Start of Block
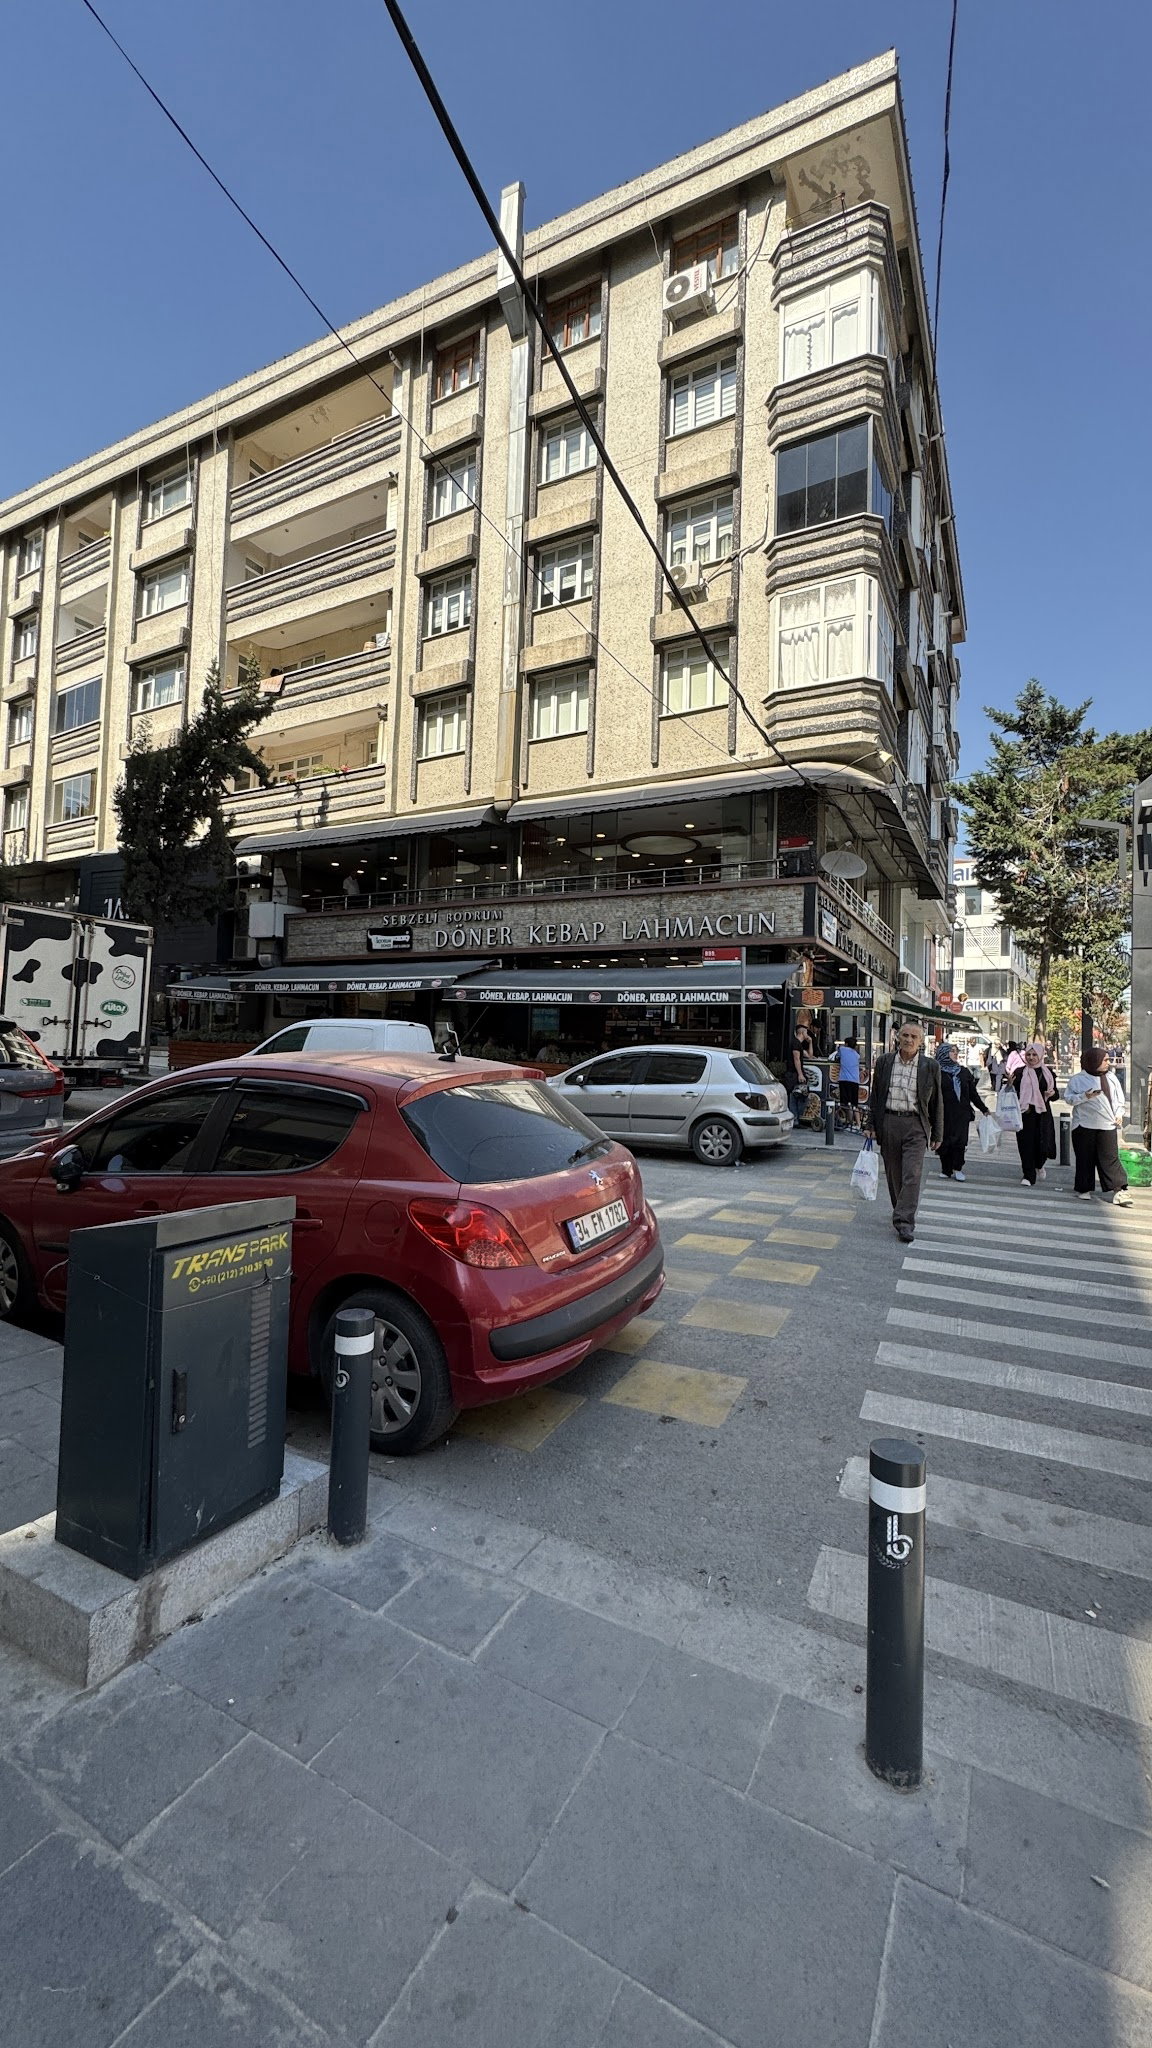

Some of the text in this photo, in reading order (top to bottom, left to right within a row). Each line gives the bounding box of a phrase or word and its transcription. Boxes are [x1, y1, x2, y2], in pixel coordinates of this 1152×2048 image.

[383, 909, 504, 926] SEBZELİ BODRUM
[435, 911, 776, 948] DÖNER KEBAP LAHMACUN
[347, 981, 367, 991] DÖNER,
[368, 980, 388, 991] KEBAP,
[388, 980, 422, 990] LAHMACUN
[480, 989, 572, 1002] DÖNER, KEBAP, LAHMACUN
[617, 990, 729, 1004] DÖNER, KEBAP, LAHMACUN
[834, 990, 873, 999] BODRUM
[575, 1221, 590, 1241] 34
[171, 1232, 289, 1279] TRANS PARK
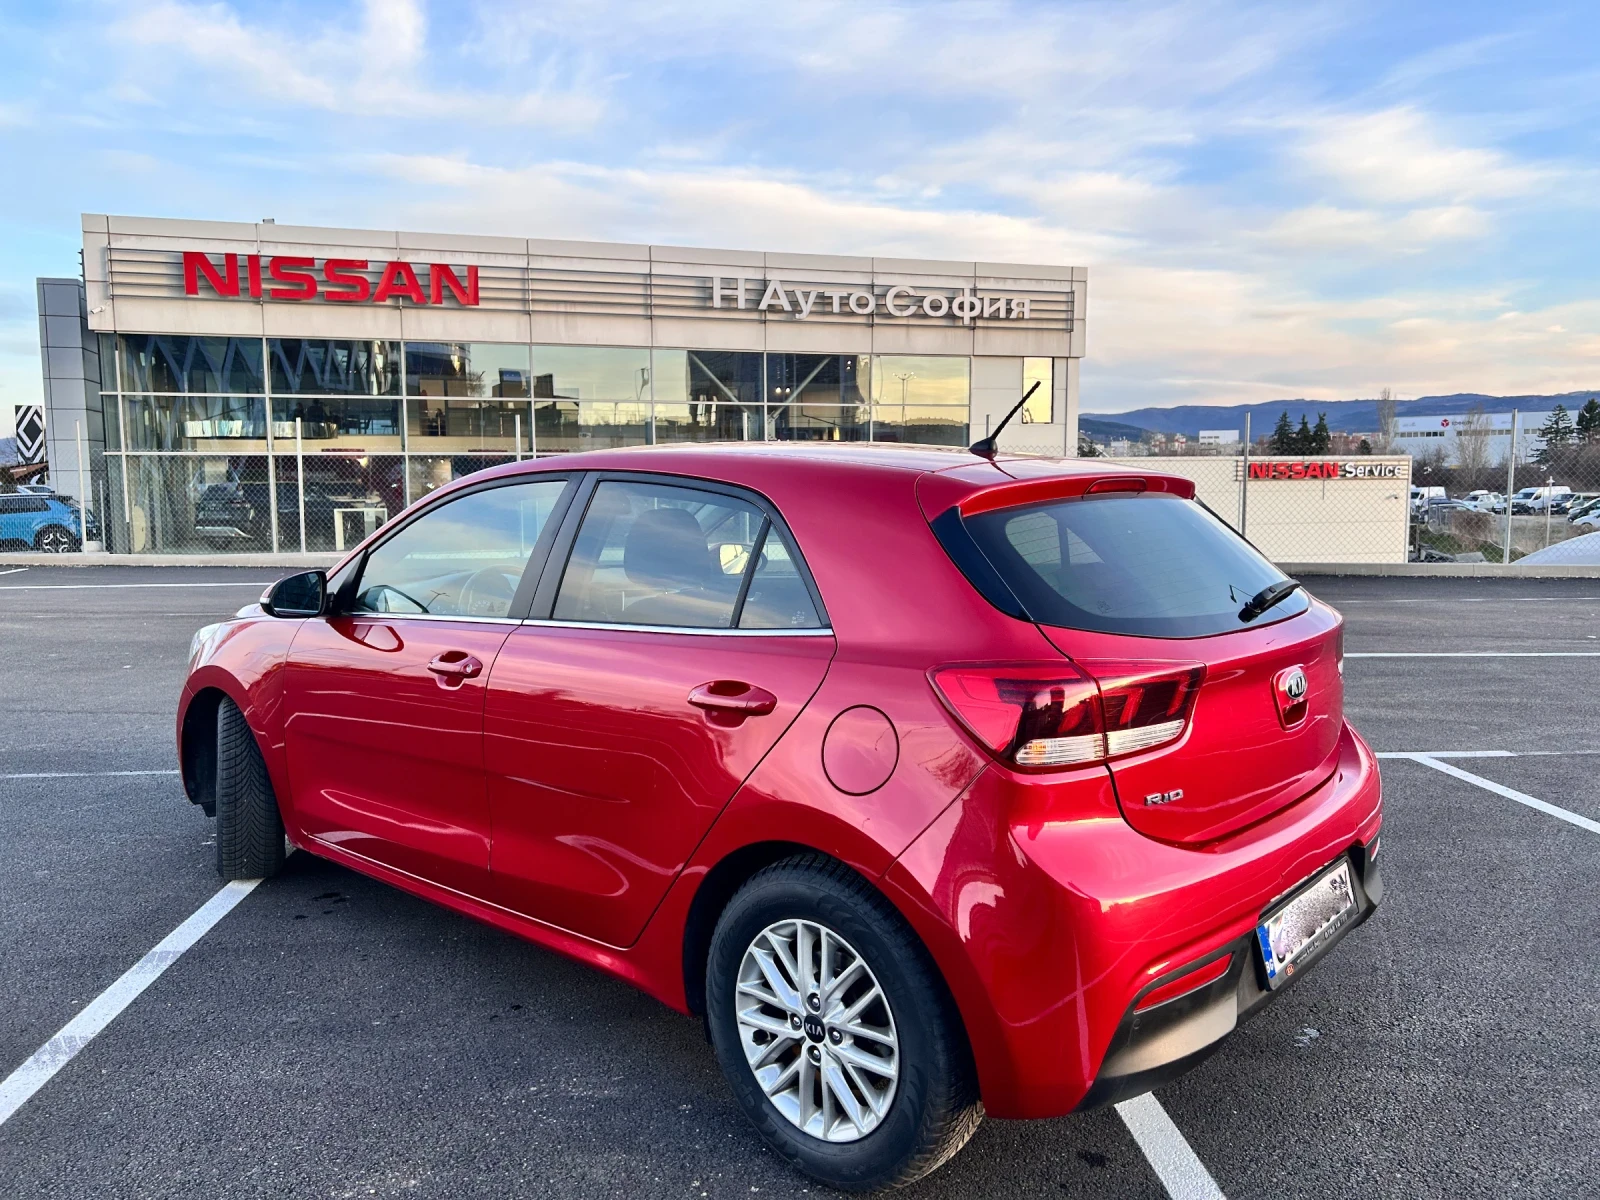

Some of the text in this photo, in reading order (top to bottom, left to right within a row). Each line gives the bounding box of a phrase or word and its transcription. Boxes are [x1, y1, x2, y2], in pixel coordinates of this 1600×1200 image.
End of Block
◆ **TASK STATEMENT**
Exclude all images and restate the records above word for word.

◆ **RESPONSE TO THIS EXERCISE**
Some of the text in this photo, in reading order (top to bottom, left to right within a row). Each line gives the bounding box of a phrase or word and its transcription. Boxes are [x1, y1, x2, y2], in pixel coordinates of this 1152×2048 image.

[383, 909, 504, 926] SEBZELİ BODRUM
[435, 911, 776, 948] DÖNER KEBAP LAHMACUN
[347, 981, 367, 991] DÖNER,
[368, 980, 388, 991] KEBAP,
[388, 980, 422, 990] LAHMACUN
[480, 989, 572, 1002] DÖNER, KEBAP, LAHMACUN
[617, 990, 729, 1004] DÖNER, KEBAP, LAHMACUN
[834, 990, 873, 999] BODRUM
[575, 1221, 590, 1241] 34
[171, 1232, 289, 1279] TRANS PARK

Some of the text in this photo, in reading order (top to bottom, left to right within a row). Each line gives the bounding box of a phrase or word and its transcription. Boxes are [x1, y1, x2, y2], in pixel coordinates of this 1600×1200 image.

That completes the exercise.